Known in Vietnamese as the Quốc học, its original name in classical Chinese was Quốc học trường 國學場, meaning the “national learning school,” and it was referred to in French as the “Collège national.” (And yes, it is significant that “national learning” at this time meant learning French. . .)
On the 29th of May in 1906, Emperor Thành Thái issued regulations to reform the education curriculum for students in schools that were meant to prepare them for the civil service exams. These reforms addressed three levels of teaching (introductory, elementary and middle), and the reforms of the highest level called for three separate tracks to be established: a classical Chinese track, a vernacular Vietnamese (using the Latin script) track, and a French track (mainly to learn how to translate).
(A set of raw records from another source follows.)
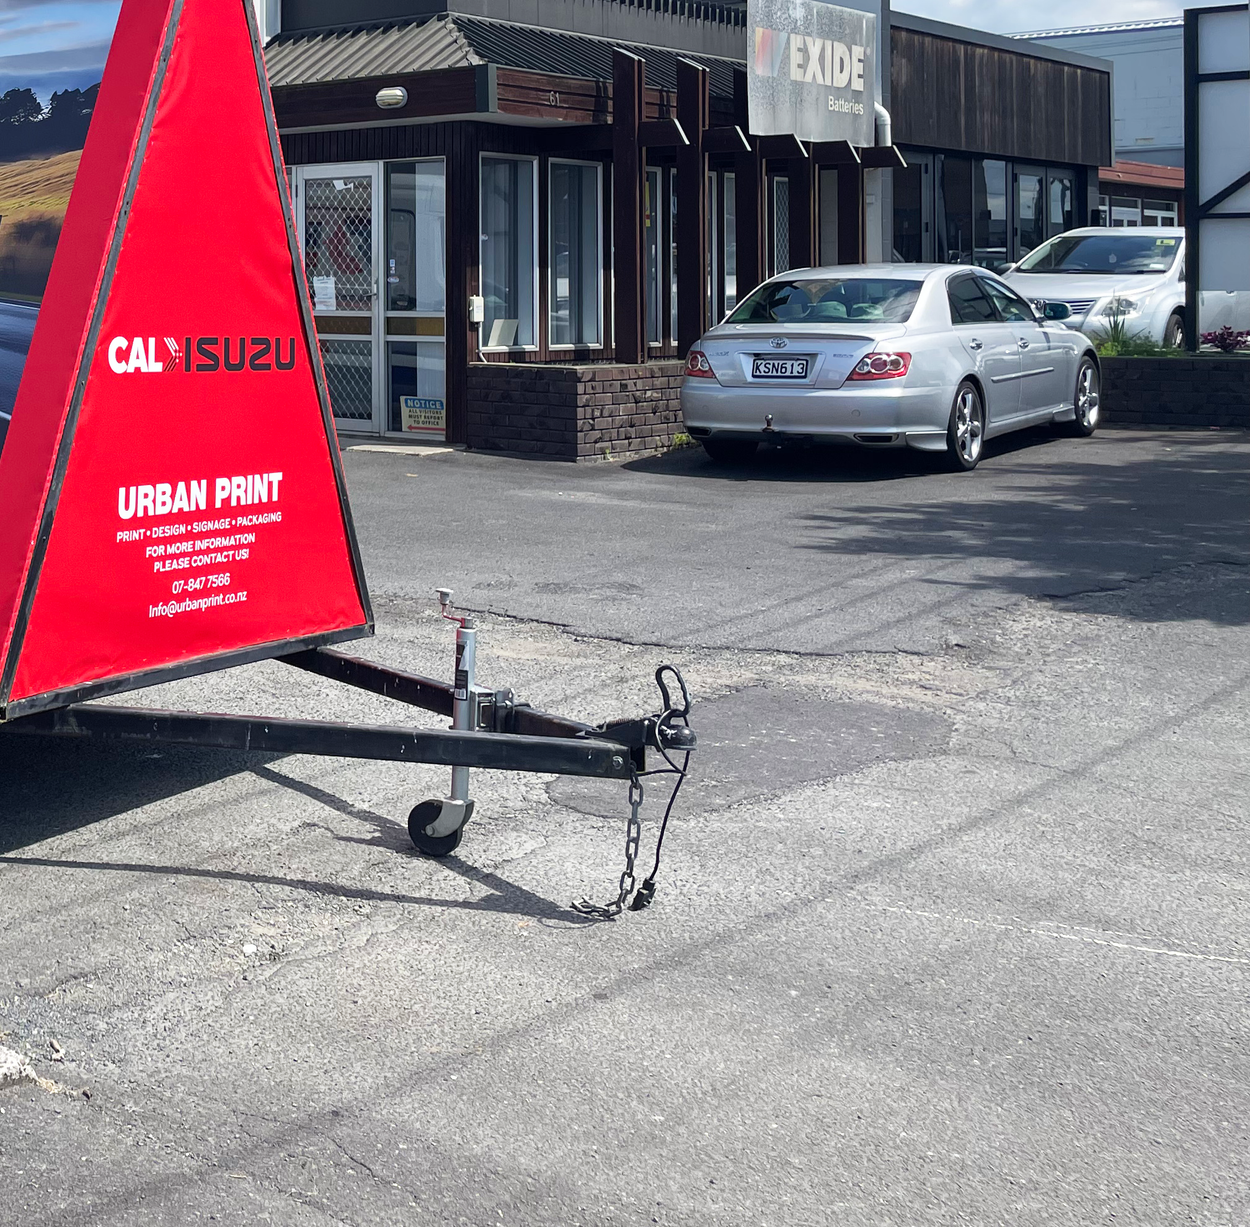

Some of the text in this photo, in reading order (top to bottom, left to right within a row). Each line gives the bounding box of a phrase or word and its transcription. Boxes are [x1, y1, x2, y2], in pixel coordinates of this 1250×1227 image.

[790, 33, 864, 92] EXIDE
[550, 91, 559, 106] 61
[828, 95, 864, 115] Batteries
[108, 336, 296, 374] CAL ISUZU
[754, 362, 805, 375] KSN613
[407, 399, 442, 409] NOTICE
[118, 472, 283, 520] URBAN PRINT
[116, 512, 282, 542] PRINT DESIGN SIGNAGE PACKAGING
[146, 532, 256, 558] FOR MORE INFORMATION
[154, 548, 250, 572] PLEASE CONTACT US!
[172, 572, 230, 594] 07-847 7566
[148, 590, 248, 618] Info@urbanprint.co.nz
Read any book on modern Vietnamese history, and it will glorify a reformist school that enjoyed a brief existence in Hanoi in 1907 – the Tonkin Free School (Đông Kinh nghĩa thục 東京義塾). This school is credited with being the first to teach about “modern” (i.e., Western) subjects, and to promote the use of the vernacular language, as transcribed in a Romanized script (chữ quốc ngữ), instead of classical Chinese.
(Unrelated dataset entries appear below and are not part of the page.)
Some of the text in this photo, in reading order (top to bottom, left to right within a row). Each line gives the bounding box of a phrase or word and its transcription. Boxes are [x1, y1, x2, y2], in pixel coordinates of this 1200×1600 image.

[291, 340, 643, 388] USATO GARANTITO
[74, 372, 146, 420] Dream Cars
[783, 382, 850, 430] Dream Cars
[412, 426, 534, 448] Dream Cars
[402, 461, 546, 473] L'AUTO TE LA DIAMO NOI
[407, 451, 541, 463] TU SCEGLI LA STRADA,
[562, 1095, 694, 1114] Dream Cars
Meanwhile, none of the authors of any of those books will cite the Addendum to the Imperial Commissioned Collected Statues and Regulations of the Great South (Đại Nam hội điển sự lệ tục biên 欽定大南會典事例續編), a compilation of Nguyễn Dynasty edicts and orders.
However, that text demonstrates that the Nguyễn Dynasty was just as eager to bring about the kind of linguistic and intellectual reforms that the Tonkin Free School was.